Robert Tanitch reviews Life of Pi at Wyndham’s Theatre, London

Robert Tanitch reviews Life of Pi at Wyndham’s Theatre, London

Canadian author Yann Martel’s fantastical and philosophical novel won the Booker Prize in 2002. 20 million copies were sold. Ang Lee’s highly successful film version in 2012 won many awards.

Lolita Chakrabati has adapted it for the stage. The play premiered in Sheffield in 2019. It has now arrived in the West End. Had it not been for Covid, it would have arrived sooner.

The production is brilliantly directed and designed. Max Webster is the director and Tim Hatley is the designer. The puppetry delights and amazes. Nick Barnes and Finn Caldwell are the puppet designers. Caldwell is also the puppet movement director.

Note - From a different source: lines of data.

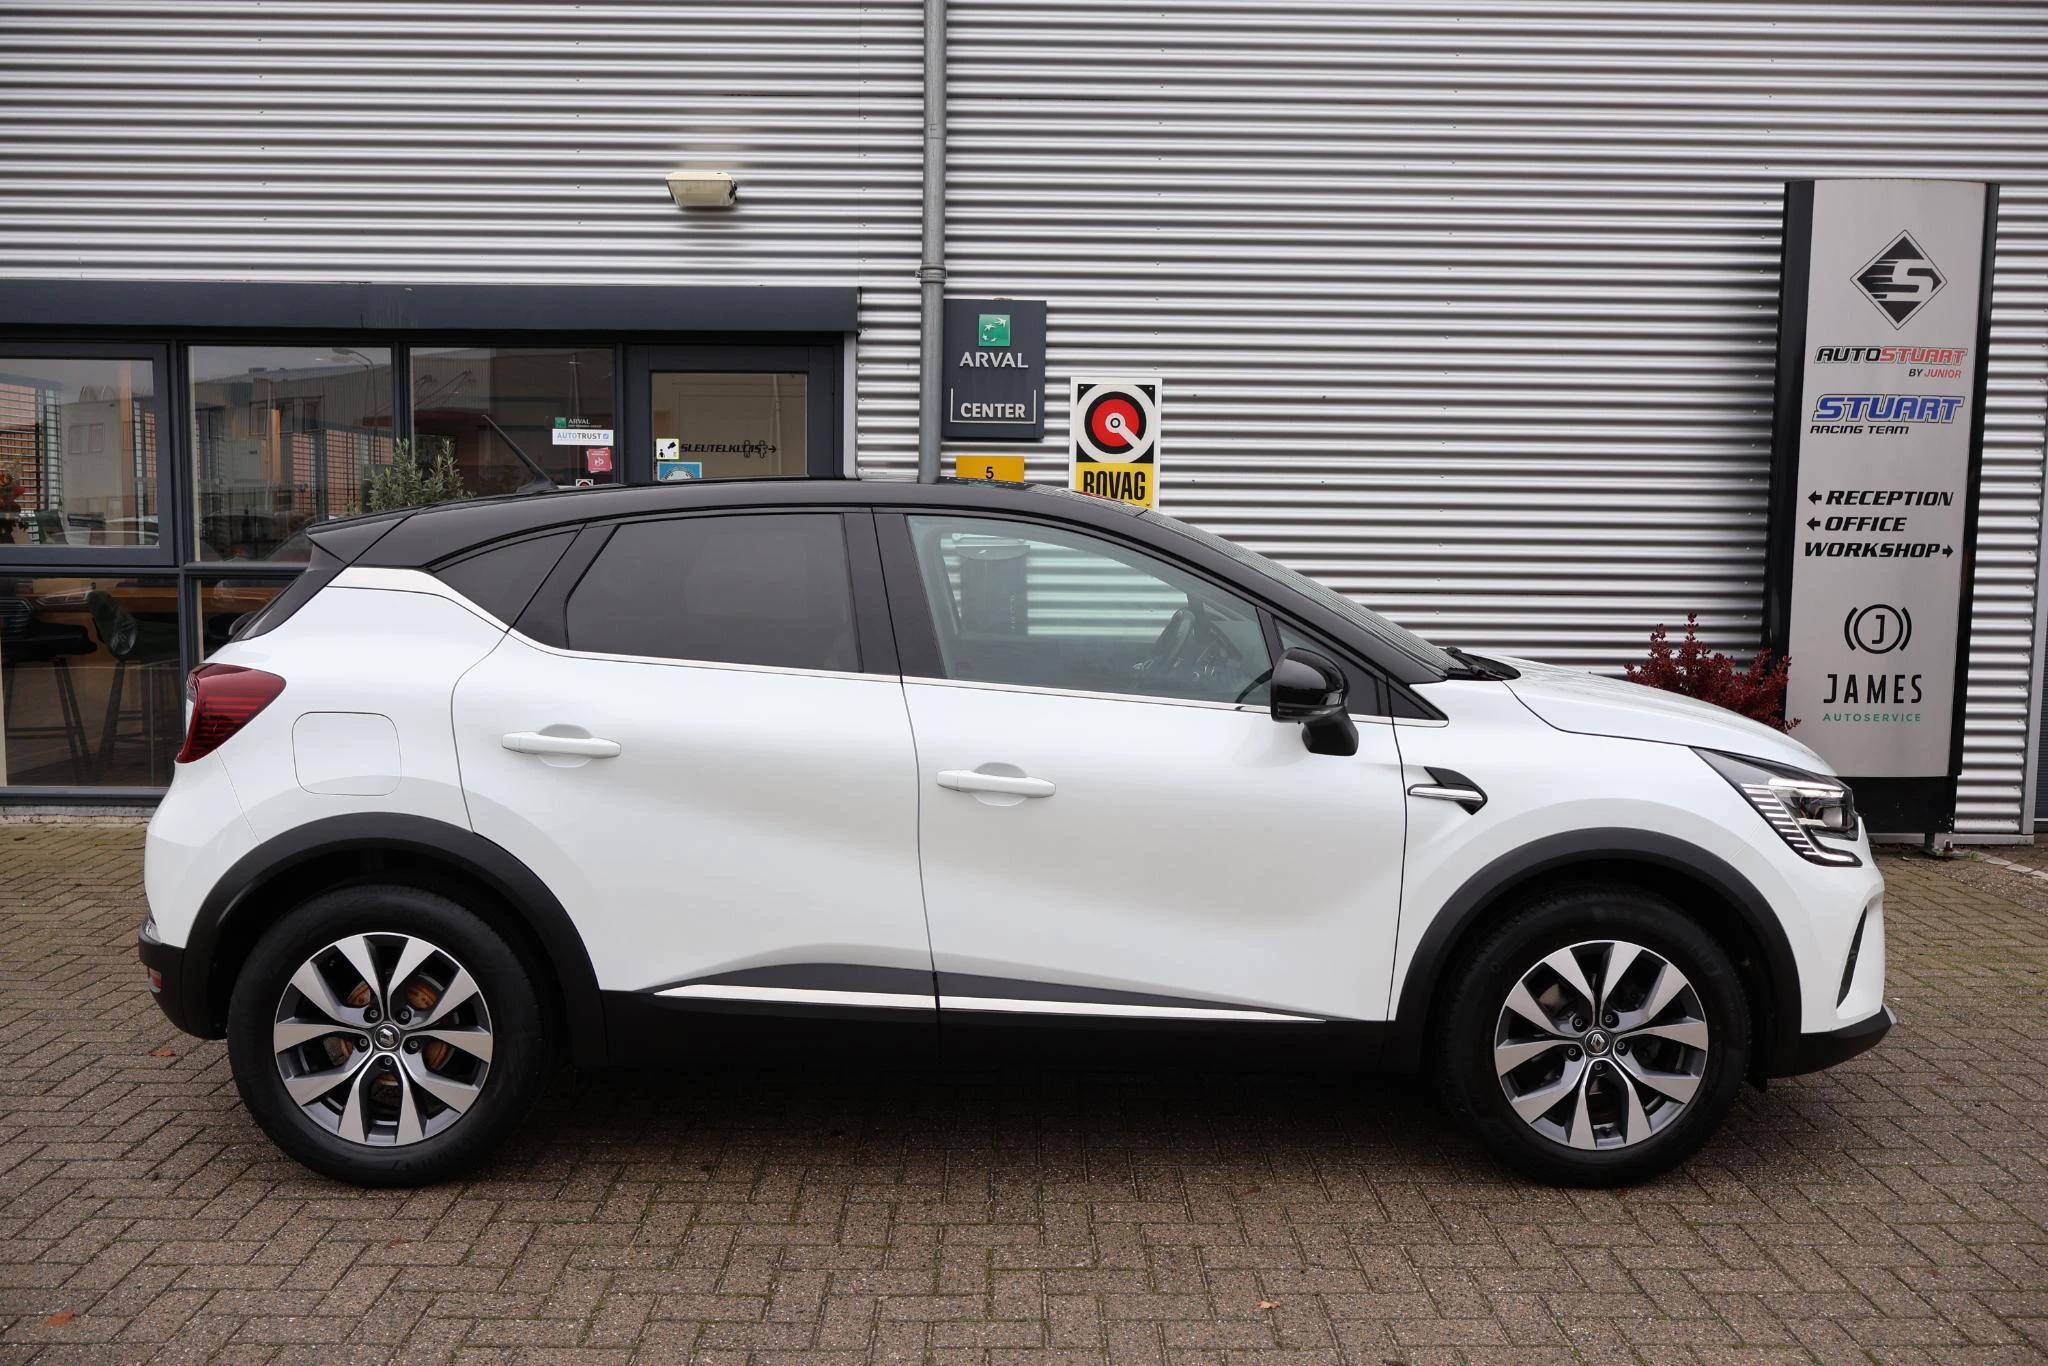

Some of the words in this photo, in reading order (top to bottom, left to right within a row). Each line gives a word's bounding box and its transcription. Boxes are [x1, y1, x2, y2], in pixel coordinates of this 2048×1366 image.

[959, 352, 1028, 369] ARVAL
[1815, 346, 1968, 365] AUTOSTUART
[1908, 368, 1923, 378] BY
[1924, 369, 1962, 379] JUNIOR
[960, 402, 1025, 418] CENTER
[1813, 394, 1965, 423] STUART
[557, 432, 602, 440] AUTOTRUST
[1810, 425, 1863, 435] RACING
[1868, 425, 1910, 435] TEAM
[985, 466, 995, 480] 5
[1825, 490, 1954, 506] RECEPTION
[1824, 516, 1907, 532] OFFICE
[1804, 542, 1941, 558] WORKSHOP
[1823, 673, 1923, 704] JAMES
[1823, 713, 1922, 722] AUTOSERVICE

Wyndham’s Theatre has been transformed. The stage’s curved prow juts out into the auditorium. The seats in the stalls have been raked.

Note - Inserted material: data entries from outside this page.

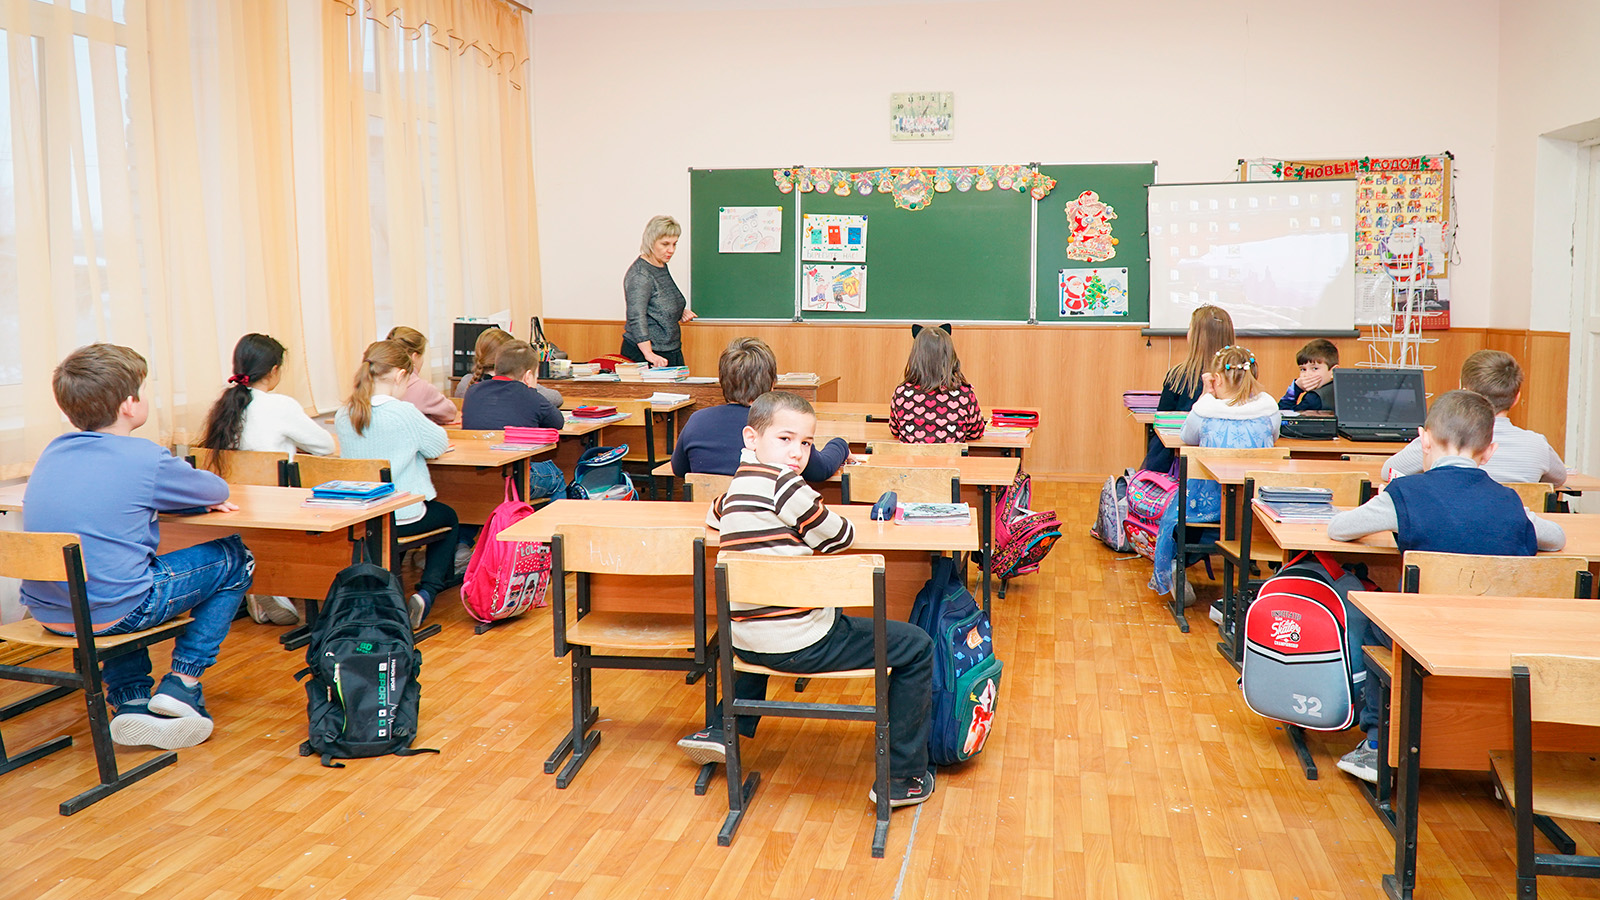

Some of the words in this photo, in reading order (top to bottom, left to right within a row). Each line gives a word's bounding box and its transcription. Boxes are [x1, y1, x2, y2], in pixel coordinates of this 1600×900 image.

[1283, 165, 1293, 177] С
[1305, 160, 1359, 179] НОВЫМ
[1370, 158, 1420, 171] ГОДОМ
[378, 672, 387, 707] SPORT
[1292, 693, 1323, 718] 32
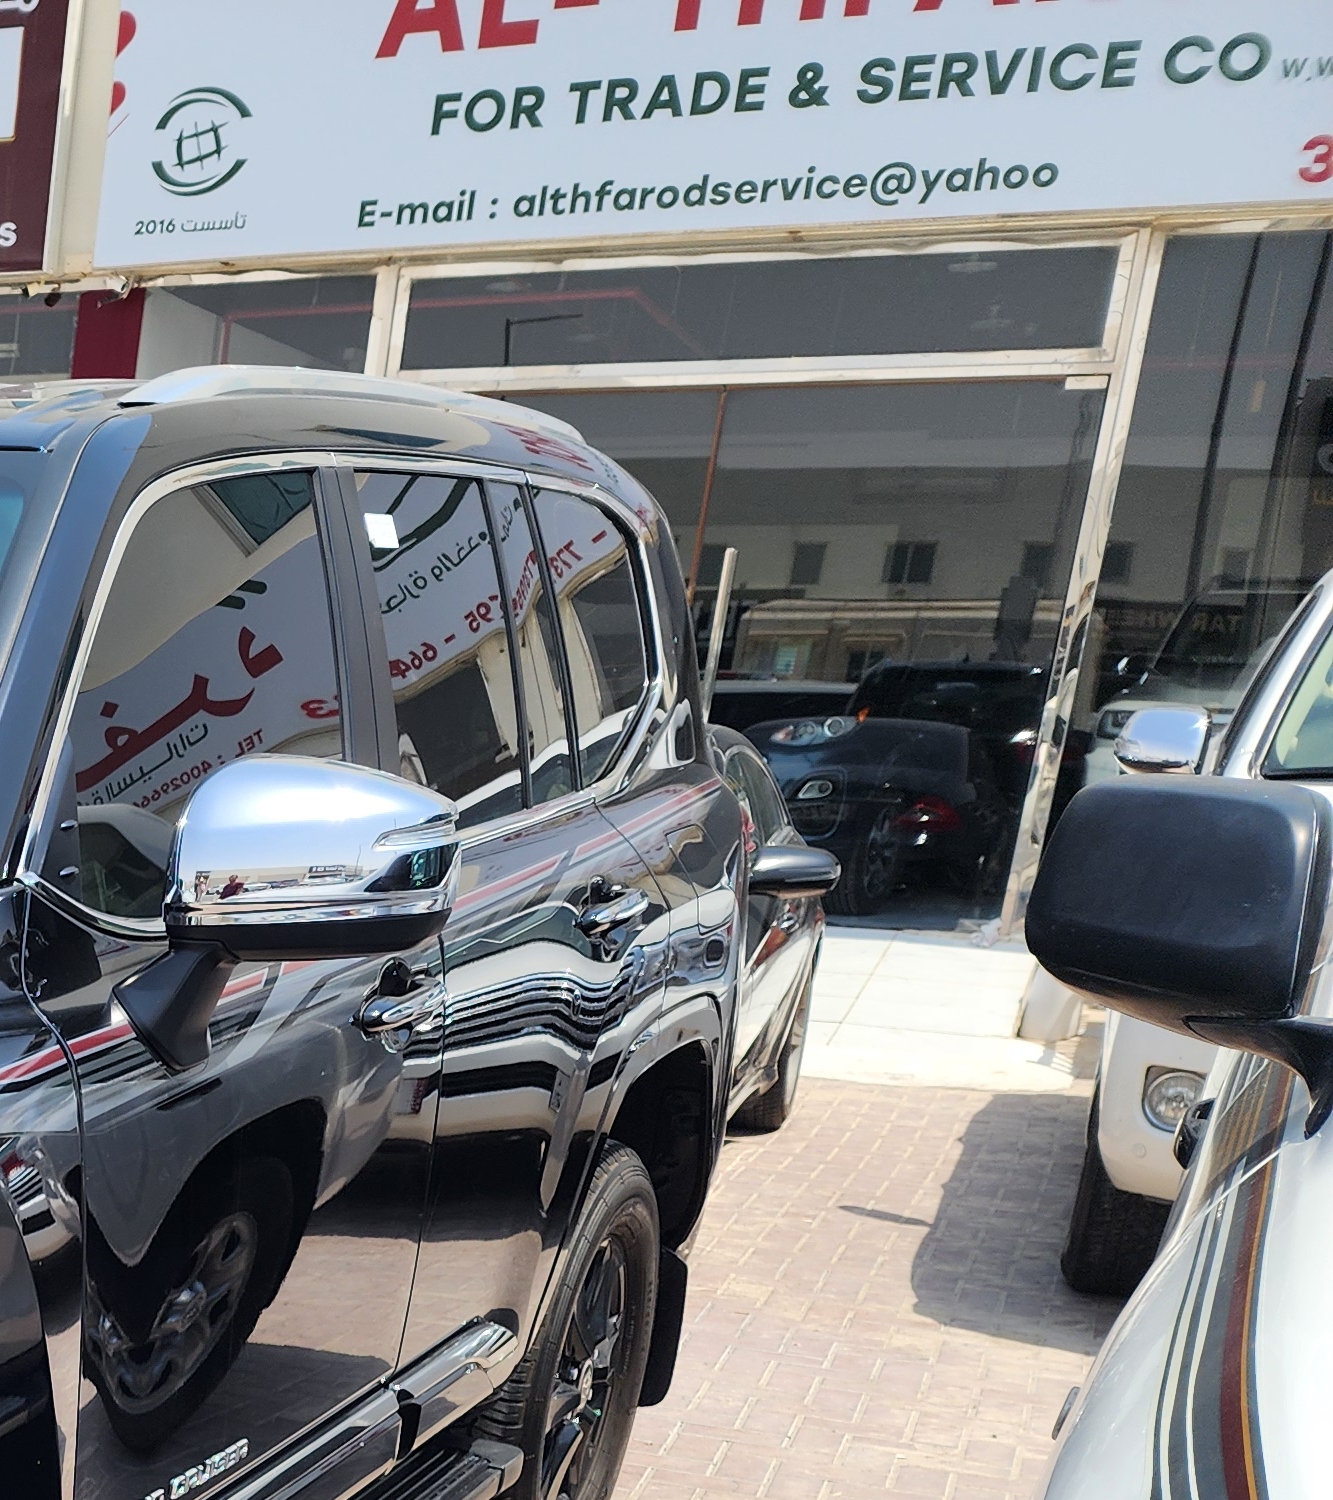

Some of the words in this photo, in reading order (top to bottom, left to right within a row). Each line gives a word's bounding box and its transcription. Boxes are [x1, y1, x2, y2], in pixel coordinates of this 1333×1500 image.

[430, 86, 545, 137] FOR
[569, 66, 770, 126] TRADE
[788, 61, 829, 108] &
[856, 39, 1142, 104] SERVICE
[1163, 31, 1272, 85] CO
[134, 217, 176, 236] 2016
[357, 189, 475, 229] E-mail
[488, 197, 499, 220] :
[512, 156, 1059, 219] althfarodservice@yahoo

The Life of Pi is the proof of God and the power of faith (Hindu, Christian and Islam). Hiran Abeysekera, very likeable, is well cast as 16-year-old Pi who is in hospital having survived a shipwreck. He was in a lifeboat in the Pacific Ocean for 227 days and his only companion was a Royal Bengal tiger called Richard Parker,

The roaring, ravenous tiger is awesome in his size and danger. Three puppeteers are involved: inside, outside and around. The movement, the agility, the confrontations and fights are exciting.

The power is in the story-telling. The extraordinary journey is both spiritual and real, dark and brutal. A key word is Danger. Pi struggles to survive. There are two stories. Which story will you prefer? The one with wild animals or the one with humans?

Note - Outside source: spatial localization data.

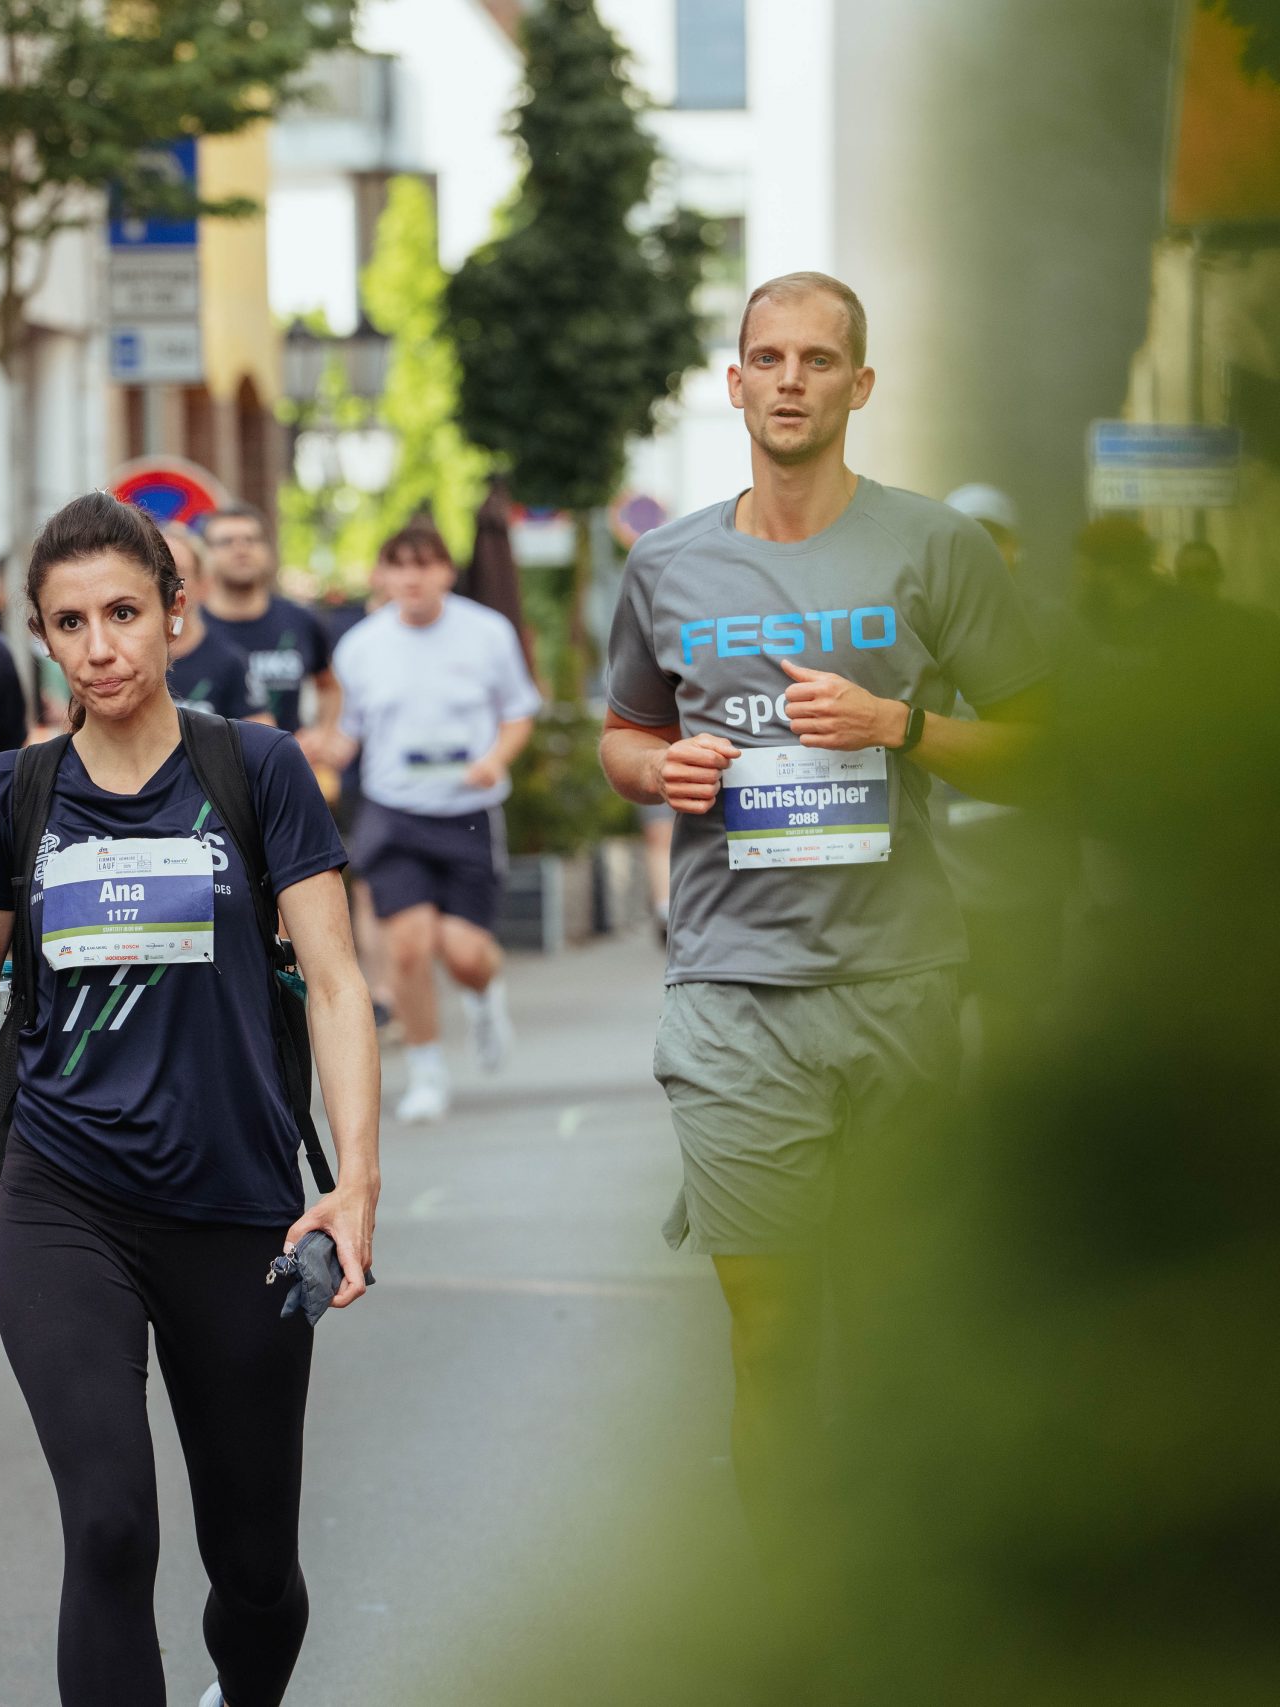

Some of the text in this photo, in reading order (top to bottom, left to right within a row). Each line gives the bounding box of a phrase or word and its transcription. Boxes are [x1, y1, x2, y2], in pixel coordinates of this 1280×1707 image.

[680, 605, 897, 666] FESTO
[778, 768, 794, 776] LAUF
[739, 783, 869, 810] Christopher
[788, 812, 819, 825] 2088
[98, 862, 115, 870] LAUF
[99, 880, 145, 903] Ana
[106, 908, 138, 921] 1177

The stage management is brilliant. The transition from bare clinical hospital room to lifeboat and ocean, and the stage seemingly awash with water, is amazing in its speed.

Visually inventive and emotionally involving, I have no doubt that this puppetry-driven production will be seen all over the world and that it will appeal to audiences who enjoyed War Horse.